At the metasystematic stage (12), the new concepts are referred to as 1st order principles. These coordinate formal systems. Words like autonomy, parallelism, heteronomy, and proportionality are common. The metasystematic stage concept of parallelism, for example, can be employed to compare the structures of the military and of camp as institutions. The logical structure of this stage identifies one aspect of a principle or an axiom that coordinates several systems, as in: “contracts and promises are articulations of a unique human quality, mutual trust, which coordinates human relations.” Here, contracts and promises are seen as the instantiation of a broader principle coordinating human interactions.

At the paradigmatic stage (13), people create new fields out of multiple metasystems. The objects of paradigmatic acts are metasystems. When there are metasystems that are incomplete and adding to them would create inconsistences, quite often a new paradigm is developed.
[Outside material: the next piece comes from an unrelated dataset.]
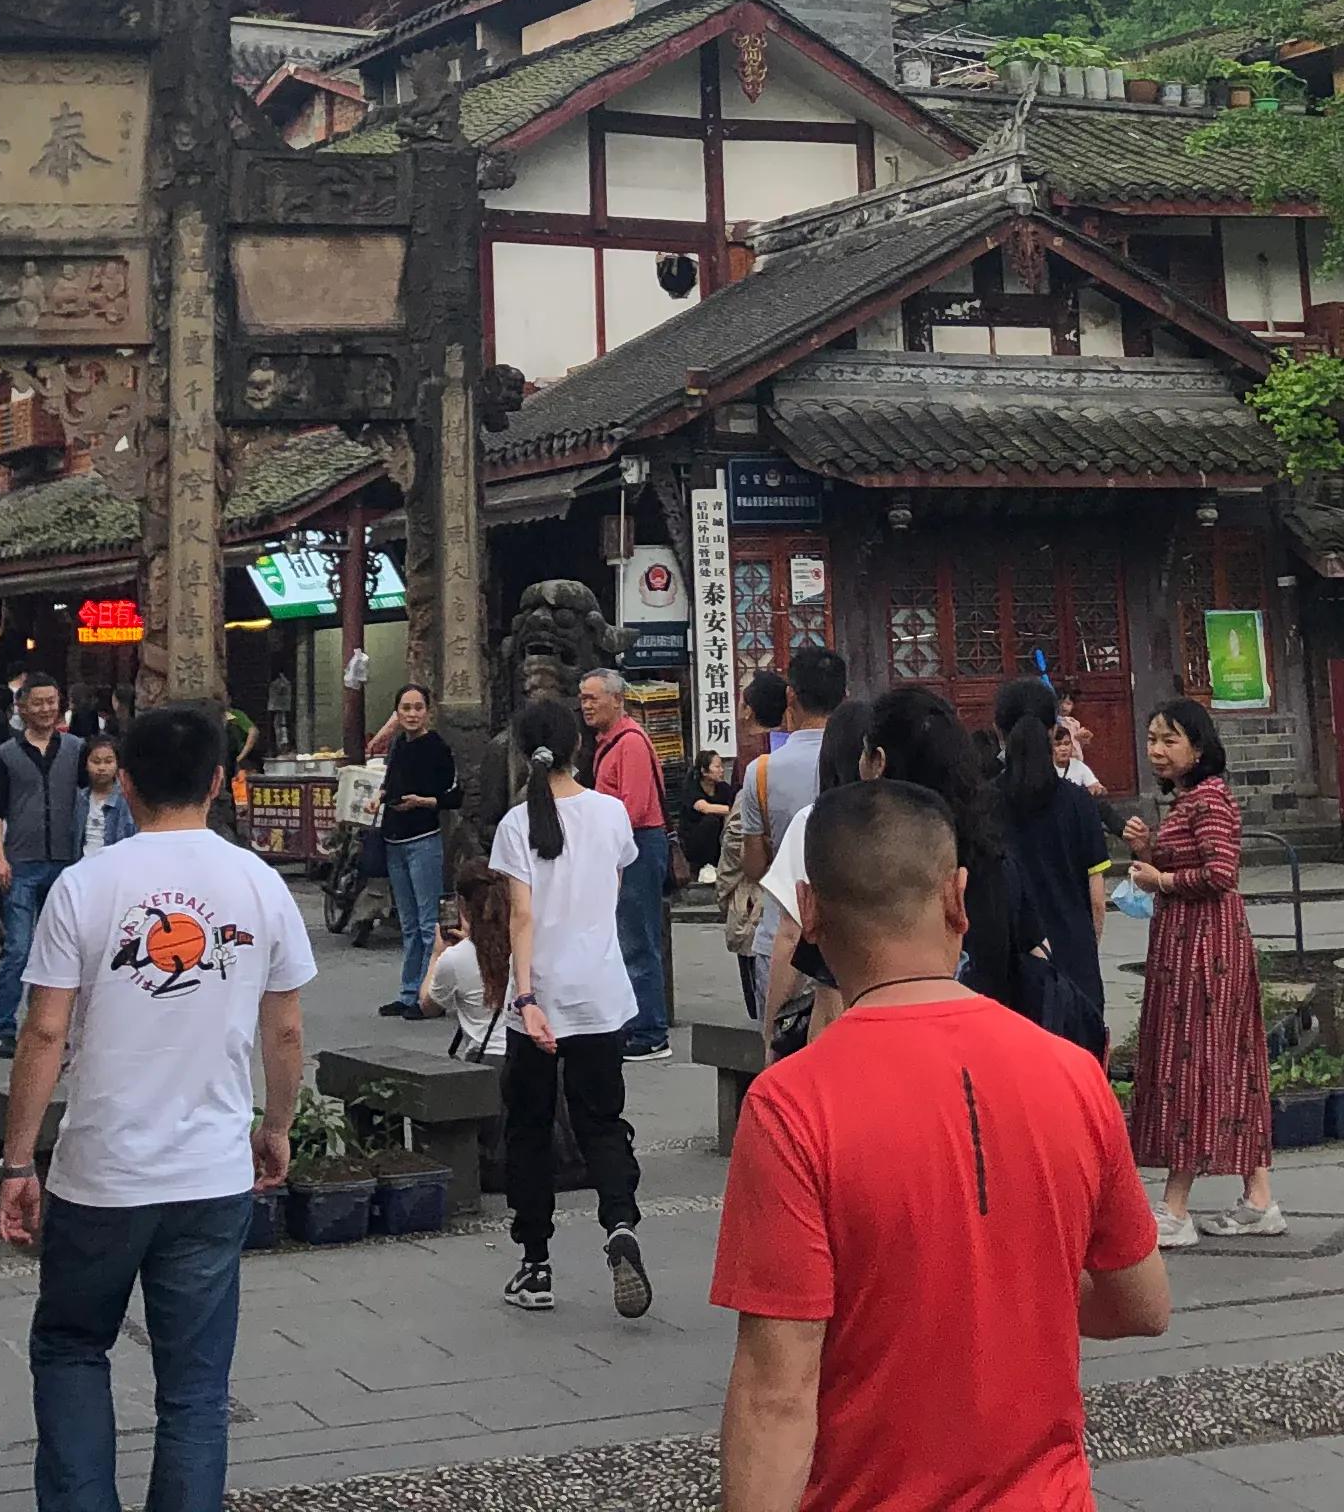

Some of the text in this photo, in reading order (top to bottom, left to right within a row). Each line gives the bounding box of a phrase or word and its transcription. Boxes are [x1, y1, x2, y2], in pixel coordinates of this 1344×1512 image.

[701, 581, 731, 744] 泰安寺管理所
[120, 892, 215, 947] BAKETBALL
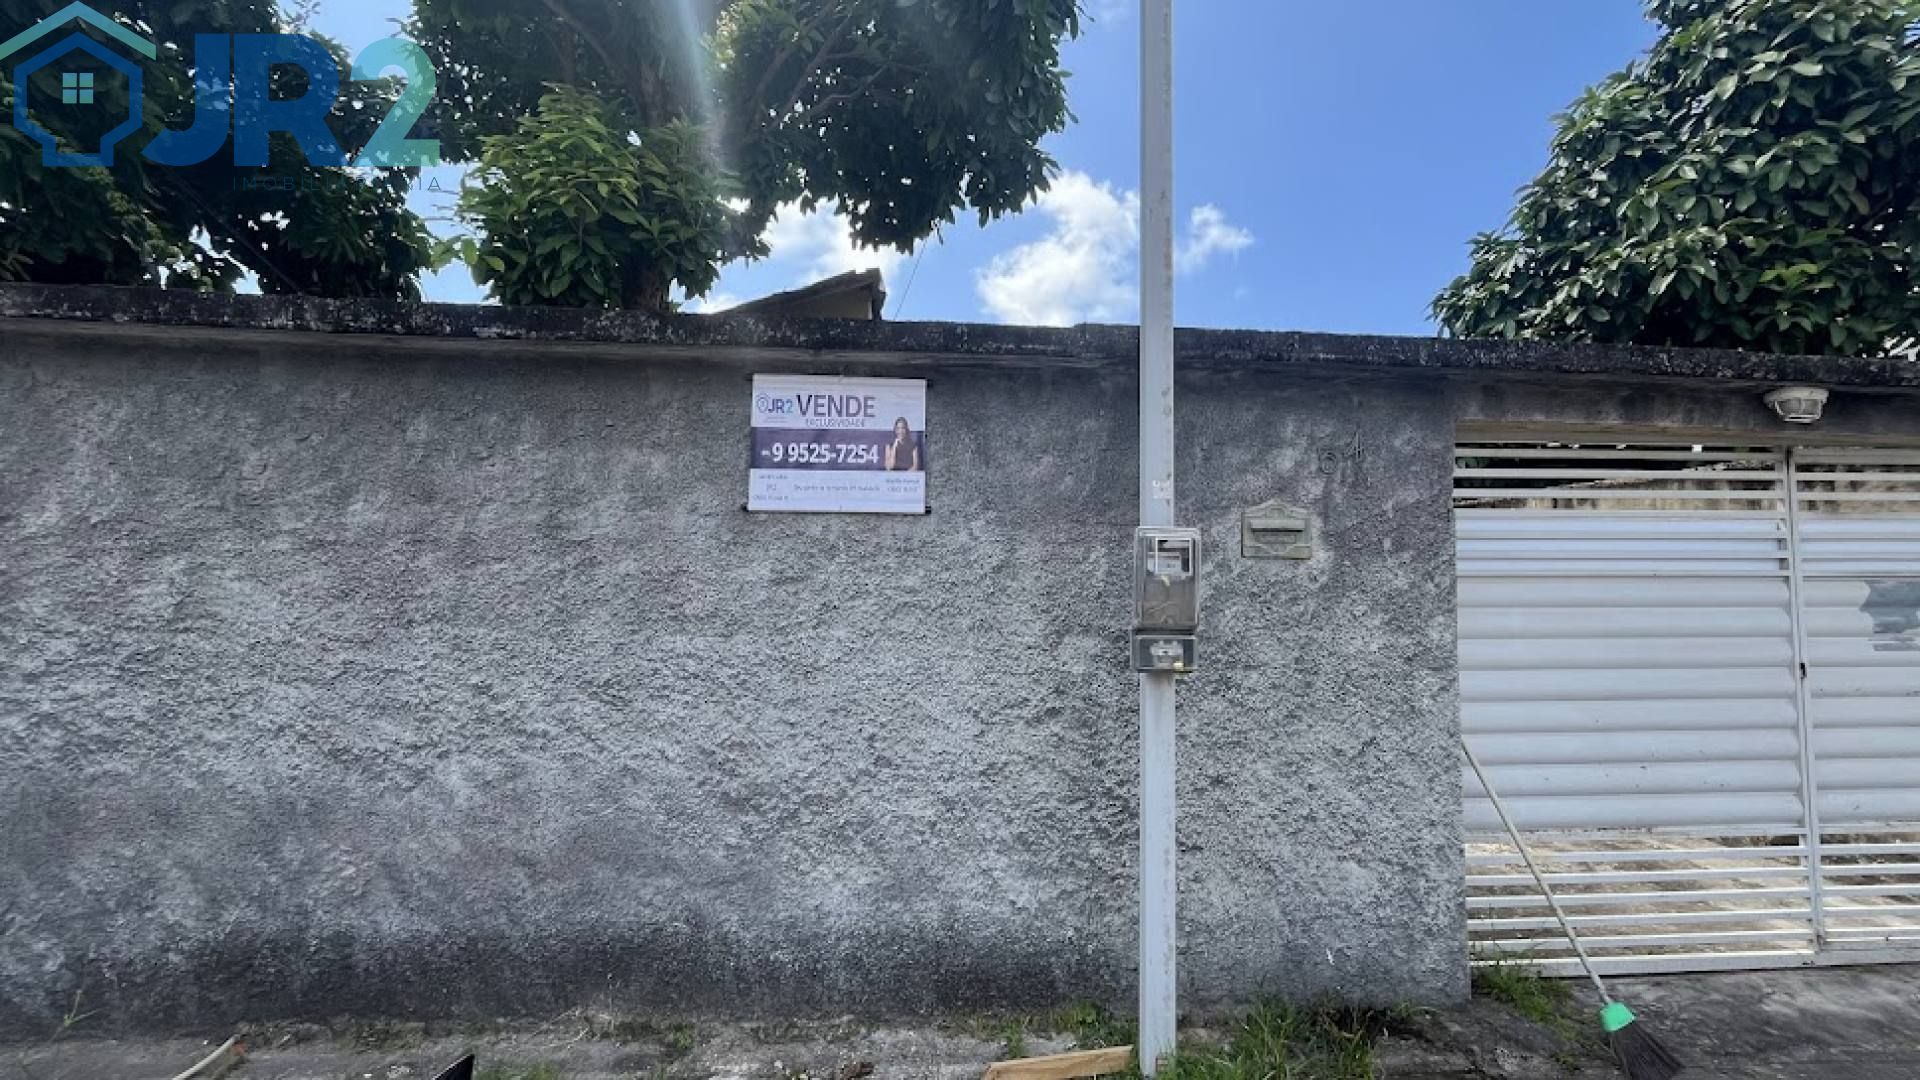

Usually, the paradigm develops out of a recognition of a poorly understood phenomenon. The actions in paradigmatic thought form new paradigms from supersystems (metasystems).

Paradigmatic actions often affect fields of knowledge that appear unrelated to the original field of the thinkers. Individuals reasoning at the paradigmatic order have to see the relationship between very large and often disparate bodies of knowledge, and co-ordinate the metasystematic supersystems. Paradigmatic action requires a tremendous degree of decentration. One has to transcend tradition and recognize one's actions as distinct and possible troubling to those in one's environment. But at the same time one has to understand that the laws of nature operate both on oneself and one’s environment—a unity. This suggests that learning in one realm can be generalized to others.

At the cross-paradigmatic, paradigms and coordinated. This is the fourth postformal stage. Cross-paradigmatic actions integrate paradigms into a new field or profoundly transform an old one. A field contains more than one paradigm and cannot be reduced to a single paradigm. One might ask whether all interdisciplinary studies are therefore cross-paradigmatic? Is psycho biology cross-paradigmatic? The answer to both questions is ‘no’. Such interdisciplinary studies might create new paradigms, such as psychophysics, but not new fields.

This order has not been examined in much detail because there are very few people who can solve tasks of this complexity. It may also take a certain amount of time and perspective to realize that behavior or findings were cross-paradigmatic. All that can be done at this time is to identify and analyze historical examples."

(https://dareassociation.org/mhc/manual.php)


Horizontal vs Vertical Complexity

From the Wikipedia:

  • Horizontal complexity

"Classical information describes the number of "yes–no" questions it takes to do a task. For example, if one asked a person across the room whether a penny came up heads when they flipped it, their saying "heads" would transmit 1 bit of "horizontal" information. If there were 2 pennies, one would have to ask at least two questions, one about each penny. Hence, each additional 1-bit question would add another bit. Let us say they had a four-faced top with the faces numbered 1, 2, 3, and 4. Instead of spinning it, they tossed it against a backboard as one does with dice in a game of craps. Again, there would be 2 bits. One could ask them whether the face had an even number. If it did, one would then ask if it were a 2. Horizontal complexity, then, is the sum of bits required by just such tasks as these.


  • Vertical complexity

Hierarchical complexity refers to the number of recursions that the coordinating actions must perform on a set of primary elements.


Actions at a higher order of hierarchical complexity:

(a) are defined in terms of actions at the next lower order of hierarchical complexity;

(b) organize and transform the lower-order actions;

(c) produce organizations of lower-order actions that are qualitatively new and not arbitrary, and cannot be accomplished by those lower-order actions alone.


Once these conditions have been met, we say the higher-order action coordinates the actions of the next lower order.

To illustrate how lower actions get organized into more hierarchically complex actions, let us turn to a simple example. Completing the entire operation 3 × (4 + 1) constitutes a task requiring the distributive act. That act non-arbitrarily orders adding and multiplying to coordinate them. The distributive act is therefore one order more hierarchically complex than the acts of adding and multiplying alone; it indicates the singular proper sequence of the simpler actions. Although simply adding results in the same answer, people who can do both display a greater freedom of mental functioning. Additional layers of abstraction can be applied. Thus, the order of complexity of the task is determined through analyzing the demands of each task by breaking it down into its constituent parts.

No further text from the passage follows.